» **Your assignment**: Make an exact copy of the data below, leaving out every picture.

○ ○ ○ ○

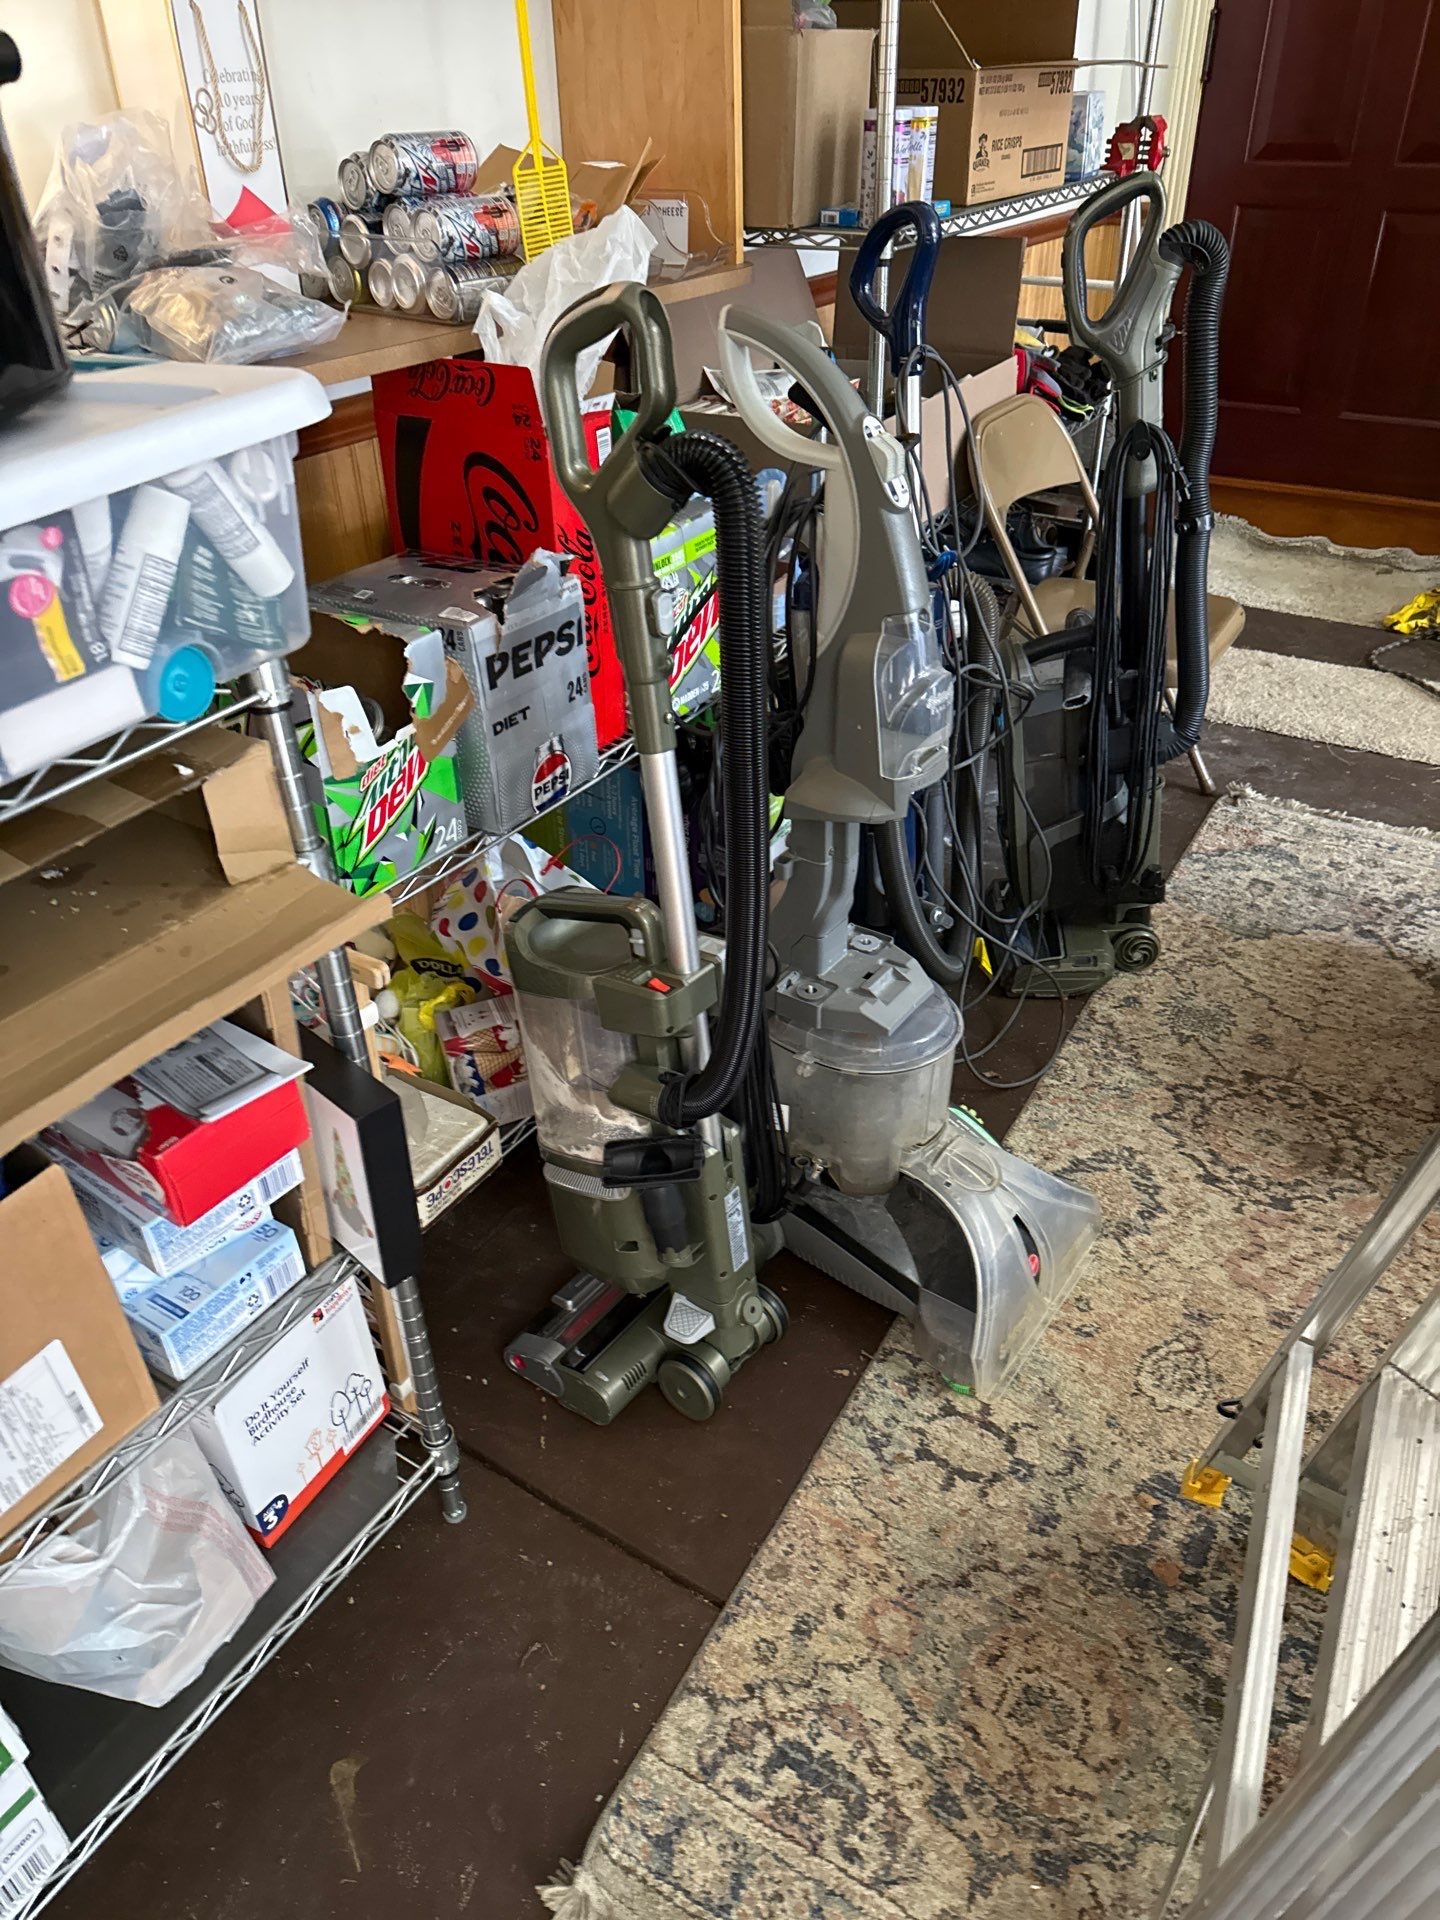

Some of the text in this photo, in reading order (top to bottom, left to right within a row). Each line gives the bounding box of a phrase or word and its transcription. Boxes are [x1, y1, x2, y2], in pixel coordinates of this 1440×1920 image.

[920, 77, 965, 104] 57932
[991, 138, 1004, 152] RICE
[485, 614, 584, 691] PEPSI
[567, 675, 583, 703] 24
[492, 706, 531, 737] DIET
[534, 767, 570, 801] PEPSI
[434, 817, 458, 853] 24
[425, 1140, 494, 1208] TELESCOPE
[244, 1357, 311, 1428] Do It Yourself
[247, 1386, 298, 1437] Birdhouse
[251, 1388, 307, 1447] Activity Set

○ ○ ○ ○

» **Answer to the problem**:
Some of the text in this photo, in reading order (top to bottom, left to right within a row). Each line gives the bounding box of a phrase or word and its transcription. Boxes are [x1, y1, x2, y2], in pixel coordinates of this 1440×1920 image.

[920, 77, 965, 104] 57932
[991, 138, 1004, 152] RICE
[485, 614, 584, 691] PEPSI
[567, 675, 583, 703] 24
[492, 706, 531, 737] DIET
[534, 767, 570, 801] PEPSI
[434, 817, 458, 853] 24
[425, 1140, 494, 1208] TELESCOPE
[244, 1357, 311, 1428] Do It Yourself
[247, 1386, 298, 1437] Birdhouse
[251, 1388, 307, 1447] Activity Set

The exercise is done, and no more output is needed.